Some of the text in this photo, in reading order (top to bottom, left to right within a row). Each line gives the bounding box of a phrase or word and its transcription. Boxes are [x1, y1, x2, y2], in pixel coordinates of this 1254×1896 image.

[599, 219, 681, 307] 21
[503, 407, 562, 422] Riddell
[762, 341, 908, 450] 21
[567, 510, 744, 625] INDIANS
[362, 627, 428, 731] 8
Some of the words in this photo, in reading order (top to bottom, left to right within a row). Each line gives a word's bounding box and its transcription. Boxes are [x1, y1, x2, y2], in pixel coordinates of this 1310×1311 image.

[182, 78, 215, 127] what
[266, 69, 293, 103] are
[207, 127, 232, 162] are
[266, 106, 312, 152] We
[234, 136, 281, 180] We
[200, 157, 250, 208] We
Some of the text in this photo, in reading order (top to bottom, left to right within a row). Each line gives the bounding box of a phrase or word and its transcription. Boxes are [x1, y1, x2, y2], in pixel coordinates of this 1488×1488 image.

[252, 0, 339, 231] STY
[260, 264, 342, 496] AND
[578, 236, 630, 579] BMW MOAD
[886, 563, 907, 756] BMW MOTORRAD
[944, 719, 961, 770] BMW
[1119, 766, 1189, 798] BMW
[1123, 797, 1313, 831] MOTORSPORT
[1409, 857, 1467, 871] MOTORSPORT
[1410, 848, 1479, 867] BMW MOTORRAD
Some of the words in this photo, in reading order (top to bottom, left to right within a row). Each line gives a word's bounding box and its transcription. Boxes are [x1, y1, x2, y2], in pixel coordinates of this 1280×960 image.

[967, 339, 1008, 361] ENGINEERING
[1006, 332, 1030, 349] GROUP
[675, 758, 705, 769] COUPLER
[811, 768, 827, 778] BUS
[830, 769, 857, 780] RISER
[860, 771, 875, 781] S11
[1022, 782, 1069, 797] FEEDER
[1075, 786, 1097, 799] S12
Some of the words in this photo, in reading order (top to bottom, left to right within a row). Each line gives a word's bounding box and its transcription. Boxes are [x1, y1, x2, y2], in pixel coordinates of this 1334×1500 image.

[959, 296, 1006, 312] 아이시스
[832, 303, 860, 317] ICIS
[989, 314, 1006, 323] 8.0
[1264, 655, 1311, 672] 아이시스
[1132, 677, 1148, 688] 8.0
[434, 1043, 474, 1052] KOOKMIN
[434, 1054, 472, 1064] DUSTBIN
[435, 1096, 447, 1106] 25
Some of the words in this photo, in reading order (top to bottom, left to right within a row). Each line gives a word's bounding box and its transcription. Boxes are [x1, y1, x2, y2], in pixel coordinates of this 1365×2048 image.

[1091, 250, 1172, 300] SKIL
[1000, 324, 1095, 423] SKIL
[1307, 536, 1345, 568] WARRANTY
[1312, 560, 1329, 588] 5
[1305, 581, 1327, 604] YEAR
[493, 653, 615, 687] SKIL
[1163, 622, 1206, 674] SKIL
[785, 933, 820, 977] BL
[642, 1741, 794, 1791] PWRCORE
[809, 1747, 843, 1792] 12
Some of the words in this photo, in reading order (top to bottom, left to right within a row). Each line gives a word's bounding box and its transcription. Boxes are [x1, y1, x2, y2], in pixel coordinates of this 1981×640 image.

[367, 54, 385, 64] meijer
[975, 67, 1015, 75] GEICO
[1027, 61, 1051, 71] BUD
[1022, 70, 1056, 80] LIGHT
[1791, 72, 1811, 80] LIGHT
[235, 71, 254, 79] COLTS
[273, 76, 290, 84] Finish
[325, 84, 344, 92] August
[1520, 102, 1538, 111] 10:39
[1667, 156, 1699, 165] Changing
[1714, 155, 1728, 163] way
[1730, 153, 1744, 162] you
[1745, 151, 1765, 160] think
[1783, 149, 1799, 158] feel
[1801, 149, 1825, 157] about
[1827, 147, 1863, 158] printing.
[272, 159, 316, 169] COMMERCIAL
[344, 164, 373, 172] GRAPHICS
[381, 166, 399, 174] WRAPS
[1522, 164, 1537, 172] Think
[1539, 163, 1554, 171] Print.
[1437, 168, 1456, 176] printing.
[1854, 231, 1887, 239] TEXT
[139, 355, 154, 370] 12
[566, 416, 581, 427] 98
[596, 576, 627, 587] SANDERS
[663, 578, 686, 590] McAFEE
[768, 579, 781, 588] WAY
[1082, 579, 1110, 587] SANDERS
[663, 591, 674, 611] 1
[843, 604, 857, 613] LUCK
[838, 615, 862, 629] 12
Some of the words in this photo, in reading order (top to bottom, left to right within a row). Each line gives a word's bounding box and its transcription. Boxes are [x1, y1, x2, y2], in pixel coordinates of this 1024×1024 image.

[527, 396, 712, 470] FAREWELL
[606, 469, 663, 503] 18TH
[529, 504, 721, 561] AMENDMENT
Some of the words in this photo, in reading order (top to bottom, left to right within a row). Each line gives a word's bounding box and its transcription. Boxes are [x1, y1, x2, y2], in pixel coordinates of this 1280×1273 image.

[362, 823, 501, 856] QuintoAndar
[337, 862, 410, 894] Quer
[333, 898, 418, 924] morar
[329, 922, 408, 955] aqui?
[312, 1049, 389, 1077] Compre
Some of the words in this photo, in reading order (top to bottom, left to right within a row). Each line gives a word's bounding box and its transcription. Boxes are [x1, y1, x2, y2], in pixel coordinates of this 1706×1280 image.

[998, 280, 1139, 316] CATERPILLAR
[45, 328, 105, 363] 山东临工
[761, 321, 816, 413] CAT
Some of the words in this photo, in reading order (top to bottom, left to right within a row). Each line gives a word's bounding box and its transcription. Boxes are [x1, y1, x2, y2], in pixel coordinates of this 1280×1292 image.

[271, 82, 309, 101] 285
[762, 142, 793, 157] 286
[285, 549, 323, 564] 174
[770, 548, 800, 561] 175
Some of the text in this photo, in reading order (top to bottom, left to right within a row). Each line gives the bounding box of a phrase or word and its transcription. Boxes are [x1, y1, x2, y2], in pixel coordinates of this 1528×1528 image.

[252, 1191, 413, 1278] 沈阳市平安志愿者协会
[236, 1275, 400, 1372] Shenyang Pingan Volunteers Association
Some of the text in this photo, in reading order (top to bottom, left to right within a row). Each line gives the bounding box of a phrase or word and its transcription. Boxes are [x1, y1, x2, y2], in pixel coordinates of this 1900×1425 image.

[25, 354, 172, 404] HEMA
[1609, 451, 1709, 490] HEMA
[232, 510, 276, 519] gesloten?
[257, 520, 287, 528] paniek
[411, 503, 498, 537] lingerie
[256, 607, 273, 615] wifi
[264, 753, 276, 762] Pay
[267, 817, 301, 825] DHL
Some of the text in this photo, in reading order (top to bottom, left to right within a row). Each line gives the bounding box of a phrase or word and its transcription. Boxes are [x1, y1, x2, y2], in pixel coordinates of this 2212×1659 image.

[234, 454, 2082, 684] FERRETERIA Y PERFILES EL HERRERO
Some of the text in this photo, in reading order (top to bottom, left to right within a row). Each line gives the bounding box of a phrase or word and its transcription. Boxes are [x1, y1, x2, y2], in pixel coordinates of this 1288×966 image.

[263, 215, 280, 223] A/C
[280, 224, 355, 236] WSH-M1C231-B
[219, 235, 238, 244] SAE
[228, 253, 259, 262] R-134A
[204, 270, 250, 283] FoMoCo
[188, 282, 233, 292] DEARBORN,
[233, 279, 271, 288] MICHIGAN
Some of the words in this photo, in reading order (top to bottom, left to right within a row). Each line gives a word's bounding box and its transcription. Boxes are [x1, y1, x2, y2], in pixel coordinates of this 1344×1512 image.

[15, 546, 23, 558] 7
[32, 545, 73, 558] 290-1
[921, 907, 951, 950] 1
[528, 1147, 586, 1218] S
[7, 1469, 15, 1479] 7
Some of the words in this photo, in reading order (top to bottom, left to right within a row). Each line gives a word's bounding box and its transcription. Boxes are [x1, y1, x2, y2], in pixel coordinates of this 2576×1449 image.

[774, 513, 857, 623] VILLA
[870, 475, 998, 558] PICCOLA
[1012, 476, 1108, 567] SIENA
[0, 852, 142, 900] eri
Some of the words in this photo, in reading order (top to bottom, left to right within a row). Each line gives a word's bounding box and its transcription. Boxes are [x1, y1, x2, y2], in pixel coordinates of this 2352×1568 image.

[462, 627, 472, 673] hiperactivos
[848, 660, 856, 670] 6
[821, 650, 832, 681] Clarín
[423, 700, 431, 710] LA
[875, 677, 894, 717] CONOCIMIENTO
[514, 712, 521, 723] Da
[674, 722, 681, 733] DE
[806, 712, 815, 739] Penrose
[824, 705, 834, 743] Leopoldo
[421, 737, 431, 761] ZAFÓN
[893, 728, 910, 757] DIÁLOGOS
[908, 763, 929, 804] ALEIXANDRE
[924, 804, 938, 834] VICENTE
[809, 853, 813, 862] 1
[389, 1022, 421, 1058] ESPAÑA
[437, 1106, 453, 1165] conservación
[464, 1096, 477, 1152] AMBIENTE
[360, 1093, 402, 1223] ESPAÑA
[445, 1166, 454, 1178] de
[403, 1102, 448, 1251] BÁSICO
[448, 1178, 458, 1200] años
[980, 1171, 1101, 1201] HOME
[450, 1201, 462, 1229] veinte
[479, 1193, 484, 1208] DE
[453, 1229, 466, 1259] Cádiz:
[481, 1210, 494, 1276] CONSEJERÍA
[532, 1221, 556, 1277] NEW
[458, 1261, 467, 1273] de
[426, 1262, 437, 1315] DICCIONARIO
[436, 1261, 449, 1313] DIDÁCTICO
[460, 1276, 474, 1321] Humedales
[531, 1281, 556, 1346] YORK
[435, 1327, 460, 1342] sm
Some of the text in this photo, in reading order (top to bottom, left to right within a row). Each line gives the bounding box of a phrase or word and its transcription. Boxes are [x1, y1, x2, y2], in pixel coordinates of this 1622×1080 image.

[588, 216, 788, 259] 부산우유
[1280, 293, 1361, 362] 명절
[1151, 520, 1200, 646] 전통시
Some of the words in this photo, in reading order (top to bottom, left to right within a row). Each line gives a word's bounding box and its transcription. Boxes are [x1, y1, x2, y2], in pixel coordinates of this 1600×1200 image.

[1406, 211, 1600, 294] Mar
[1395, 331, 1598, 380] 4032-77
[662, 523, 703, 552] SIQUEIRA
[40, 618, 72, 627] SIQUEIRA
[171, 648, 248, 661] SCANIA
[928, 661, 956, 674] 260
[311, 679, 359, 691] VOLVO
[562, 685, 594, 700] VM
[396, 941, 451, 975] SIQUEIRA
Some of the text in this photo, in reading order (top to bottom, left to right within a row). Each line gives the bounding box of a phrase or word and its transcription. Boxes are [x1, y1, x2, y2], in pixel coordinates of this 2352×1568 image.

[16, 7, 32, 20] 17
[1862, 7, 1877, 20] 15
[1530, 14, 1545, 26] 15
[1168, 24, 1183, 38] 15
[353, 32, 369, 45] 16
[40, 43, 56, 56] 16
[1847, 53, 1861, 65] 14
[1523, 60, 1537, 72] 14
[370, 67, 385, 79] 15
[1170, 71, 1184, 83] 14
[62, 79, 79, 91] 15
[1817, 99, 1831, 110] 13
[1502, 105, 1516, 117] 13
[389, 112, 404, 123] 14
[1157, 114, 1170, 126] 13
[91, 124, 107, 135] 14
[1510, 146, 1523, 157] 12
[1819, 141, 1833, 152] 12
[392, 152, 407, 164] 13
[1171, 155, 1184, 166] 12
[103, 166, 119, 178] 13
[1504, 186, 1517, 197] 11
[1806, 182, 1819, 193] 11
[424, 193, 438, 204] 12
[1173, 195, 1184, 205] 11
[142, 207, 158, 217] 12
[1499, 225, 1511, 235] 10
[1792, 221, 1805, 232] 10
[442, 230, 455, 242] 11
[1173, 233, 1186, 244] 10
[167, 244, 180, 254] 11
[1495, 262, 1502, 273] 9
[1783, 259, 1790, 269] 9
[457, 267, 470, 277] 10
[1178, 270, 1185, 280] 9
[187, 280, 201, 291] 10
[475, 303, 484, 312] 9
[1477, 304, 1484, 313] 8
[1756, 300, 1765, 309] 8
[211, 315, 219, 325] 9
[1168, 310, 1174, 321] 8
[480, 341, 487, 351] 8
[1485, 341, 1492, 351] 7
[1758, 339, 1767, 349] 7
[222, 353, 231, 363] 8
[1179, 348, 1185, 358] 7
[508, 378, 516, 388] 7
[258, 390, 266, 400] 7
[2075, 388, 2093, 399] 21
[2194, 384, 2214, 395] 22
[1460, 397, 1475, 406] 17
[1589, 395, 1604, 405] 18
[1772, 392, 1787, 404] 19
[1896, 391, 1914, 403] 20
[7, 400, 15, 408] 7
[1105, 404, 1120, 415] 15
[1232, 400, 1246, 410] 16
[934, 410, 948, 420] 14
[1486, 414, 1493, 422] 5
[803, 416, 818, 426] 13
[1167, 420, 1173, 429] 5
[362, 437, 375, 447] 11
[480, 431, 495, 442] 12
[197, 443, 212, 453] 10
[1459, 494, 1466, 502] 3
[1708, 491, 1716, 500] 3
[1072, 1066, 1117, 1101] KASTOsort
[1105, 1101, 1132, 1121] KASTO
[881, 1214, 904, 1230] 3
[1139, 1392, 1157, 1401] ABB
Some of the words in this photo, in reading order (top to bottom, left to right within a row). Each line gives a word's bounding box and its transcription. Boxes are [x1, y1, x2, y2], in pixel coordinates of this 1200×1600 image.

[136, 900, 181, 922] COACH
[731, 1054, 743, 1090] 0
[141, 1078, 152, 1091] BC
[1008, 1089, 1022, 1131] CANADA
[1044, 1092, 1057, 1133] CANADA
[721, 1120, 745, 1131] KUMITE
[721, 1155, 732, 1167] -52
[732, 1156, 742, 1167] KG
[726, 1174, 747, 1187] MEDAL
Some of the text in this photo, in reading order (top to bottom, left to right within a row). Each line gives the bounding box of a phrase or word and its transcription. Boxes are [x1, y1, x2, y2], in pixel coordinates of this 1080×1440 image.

• _PROBLEM REQUIREMENTS_
Using the records above, please retype only the run of lines from the line holding "this 1200×1600 image." through the last line, both ends included.

• _SOLUTION TO THIS EXERCISE_
Some of the words in this photo, in reading order (top to bottom, left to right within a row). Each line gives a word's bounding box and its transcription. Boxes are [x1, y1, x2, y2], in pixel coordinates of this 1200×1600 image.

[136, 900, 181, 922] COACH
[731, 1054, 743, 1090] 0
[141, 1078, 152, 1091] BC
[1008, 1089, 1022, 1131] CANADA
[1044, 1092, 1057, 1133] CANADA
[721, 1120, 745, 1131] KUMITE
[721, 1155, 732, 1167] -52
[732, 1156, 742, 1167] KG
[726, 1174, 747, 1187] MEDAL
Some of the text in this photo, in reading order (top to bottom, left to right within a row). Each line gives the bounding box of a phrase or word and its transcription. Boxes are [x1, y1, x2, y2], in pixel coordinates of this 1080×1440 image.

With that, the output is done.